§ REQUIRED ACTION
Please return each entry that follows exactly as given, but without pictures.

(Collected data)

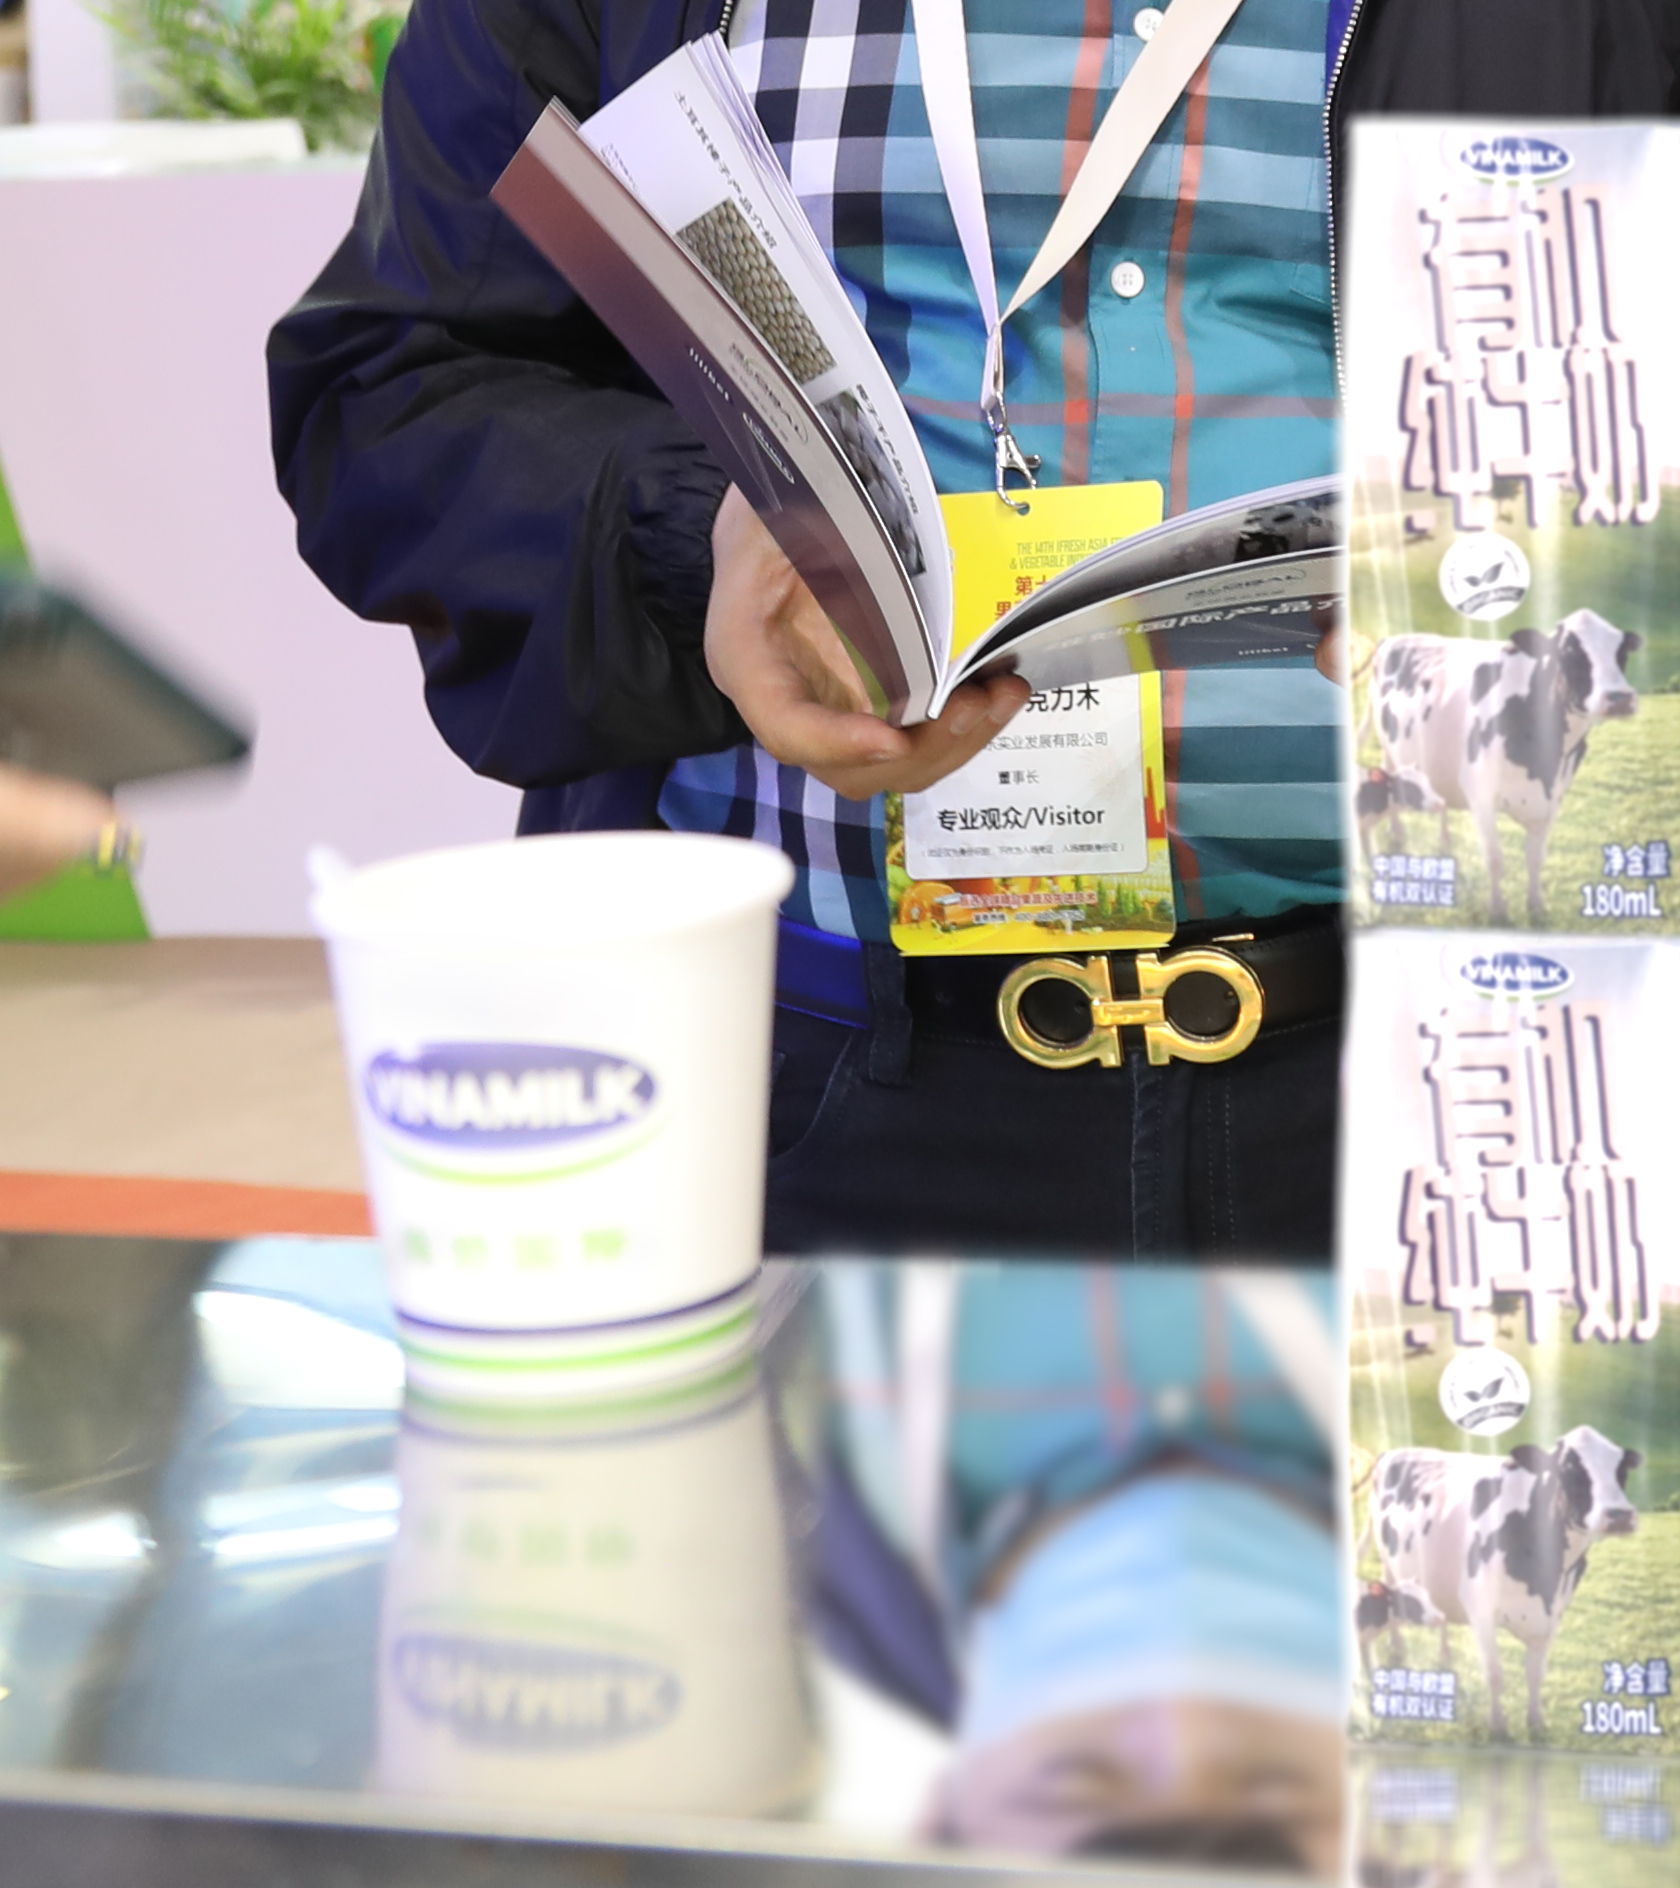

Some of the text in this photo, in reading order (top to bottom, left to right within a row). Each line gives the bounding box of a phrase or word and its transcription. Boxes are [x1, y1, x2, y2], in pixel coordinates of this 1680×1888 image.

[1418, 185, 1621, 358] 有机
[1398, 347, 1659, 534] 纯牛奶
[1025, 683, 1100, 712] 克力木
[997, 768, 1041, 786] 董事长
[1373, 856, 1455, 881] 中国与欧盟
[1604, 842, 1669, 877] 净含量
[1582, 884, 1662, 916] 180mL
[372, 1060, 644, 1132] VINAMILK
[1418, 1000, 1621, 1173] 有机
[1398, 1162, 1659, 1349] 纯牛奶
[1373, 1670, 1455, 1695] 中国与欧盟
[1604, 1660, 1669, 1695] 净含量
[1582, 1701, 1662, 1733] 180mL

§ RESULT OF THIS EXERCISE
Some of the text in this photo, in reading order (top to bottom, left to right within a row). Each line gives the bounding box of a phrase or word and its transcription. Boxes are [x1, y1, x2, y2], in pixel coordinates of this 1680×1888 image.

[1418, 185, 1621, 358] 有机
[1398, 347, 1659, 534] 纯牛奶
[1025, 683, 1100, 712] 克力木
[997, 768, 1041, 786] 董事长
[1373, 856, 1455, 881] 中国与欧盟
[1604, 842, 1669, 877] 净含量
[1582, 884, 1662, 916] 180mL
[372, 1060, 644, 1132] VINAMILK
[1418, 1000, 1621, 1173] 有机
[1398, 1162, 1659, 1349] 纯牛奶
[1373, 1670, 1455, 1695] 中国与欧盟
[1604, 1660, 1669, 1695] 净含量
[1582, 1701, 1662, 1733] 180mL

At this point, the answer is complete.